(DATA RECORDS Opens)
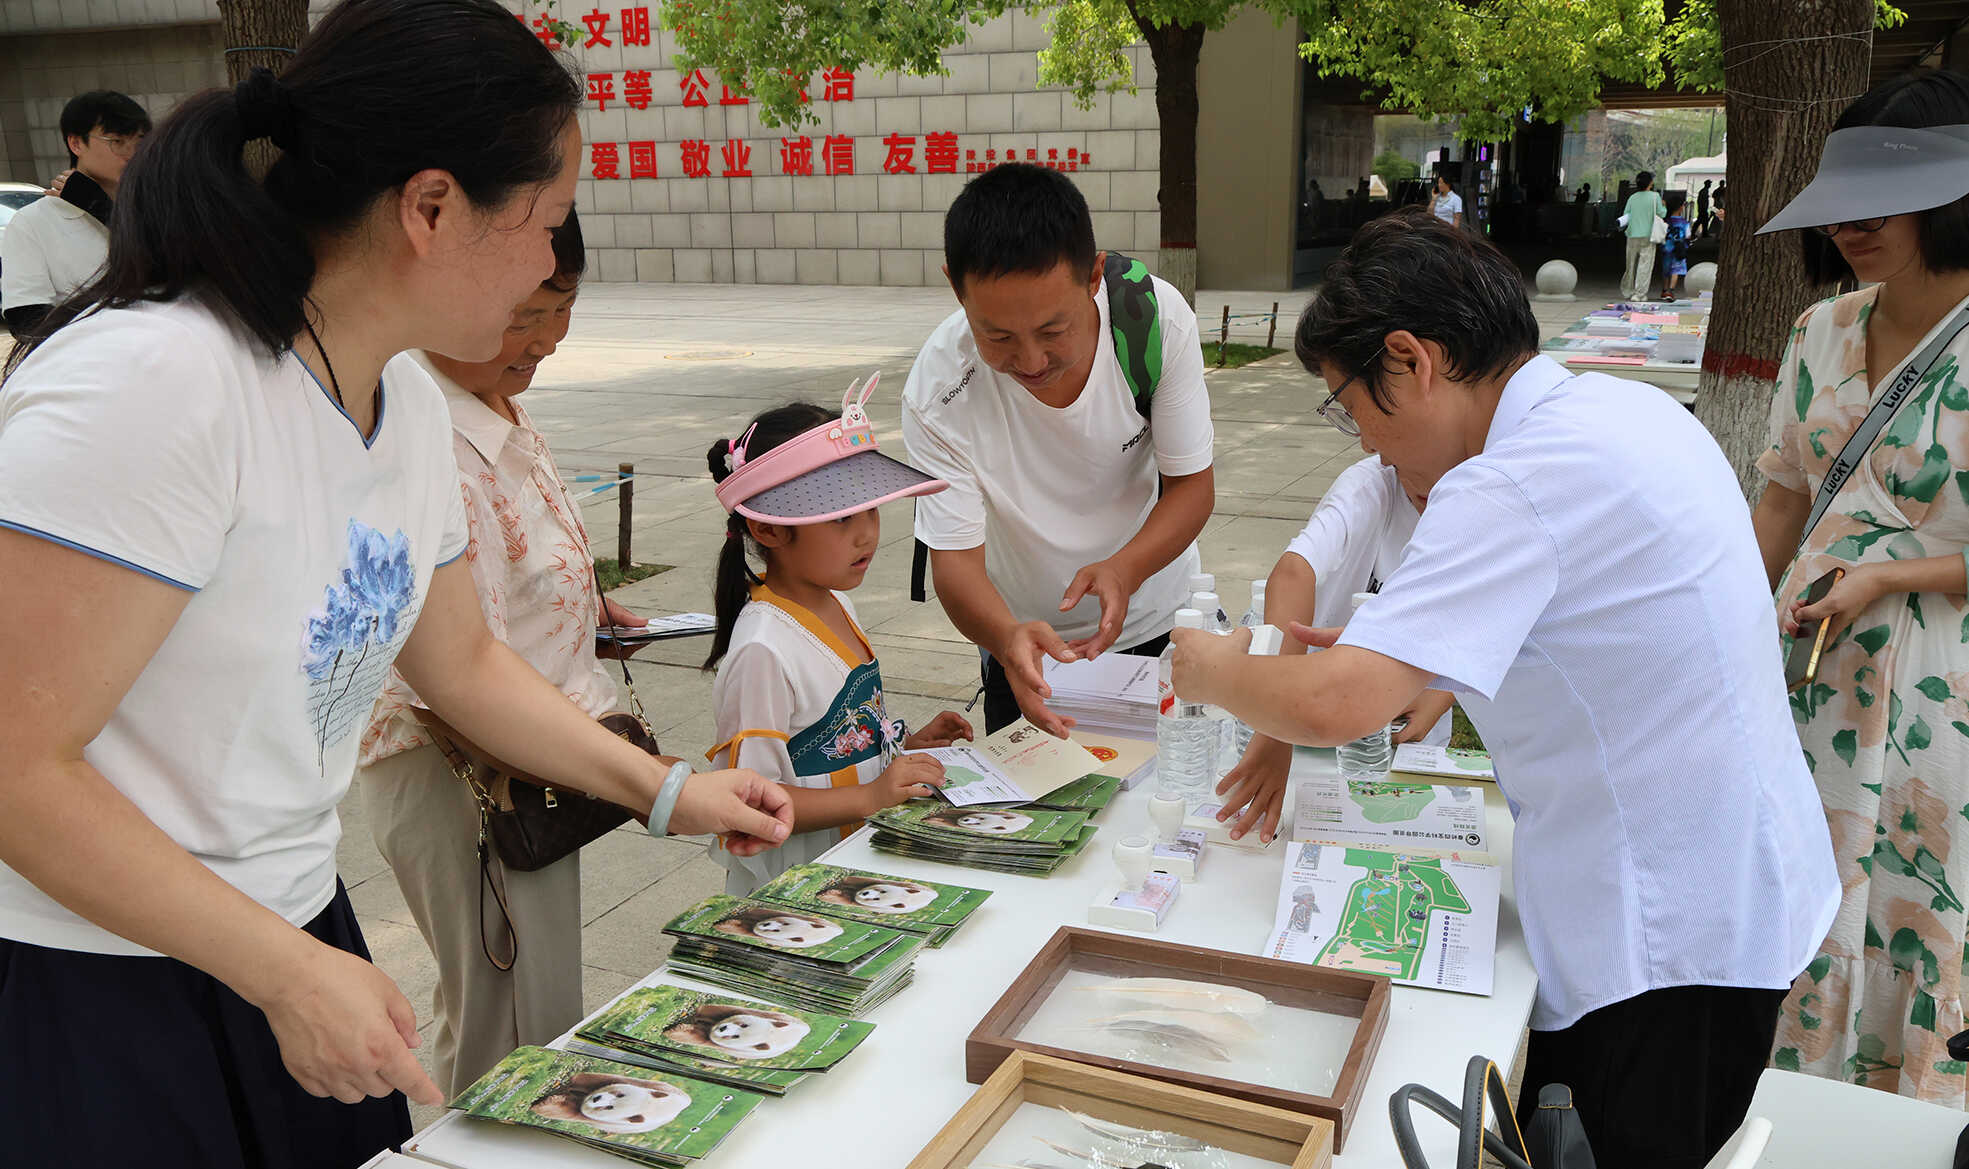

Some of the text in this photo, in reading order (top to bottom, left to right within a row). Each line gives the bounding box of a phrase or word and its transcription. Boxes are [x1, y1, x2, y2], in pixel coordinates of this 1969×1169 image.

[514, 12, 561, 51] 主
[581, 7, 651, 49] 文明
[587, 69, 653, 111] 平等
[781, 63, 856, 104] 治
[591, 131, 960, 180] 爱国 敬业 诚信 友善
[1881, 364, 1920, 410] LUCKY
[1823, 458, 1851, 495] LUCKY
(DATA RECORDS Closes)
## WORK INSTRUCTIONS
The copy must match every line of the data exactly and contain no pictures.

## ANSWER TO THE PROBLEM
Some of the text in this photo, in reading order (top to bottom, left to right within a row). Each line gives the bounding box of a phrase or word and its transcription. Boxes are [x1, y1, x2, y2], in pixel coordinates of this 1969×1169 image.

[514, 12, 561, 51] 主
[581, 7, 651, 49] 文明
[587, 69, 653, 111] 平等
[781, 63, 856, 104] 治
[591, 131, 960, 180] 爱国 敬业 诚信 友善
[1881, 364, 1920, 410] LUCKY
[1823, 458, 1851, 495] LUCKY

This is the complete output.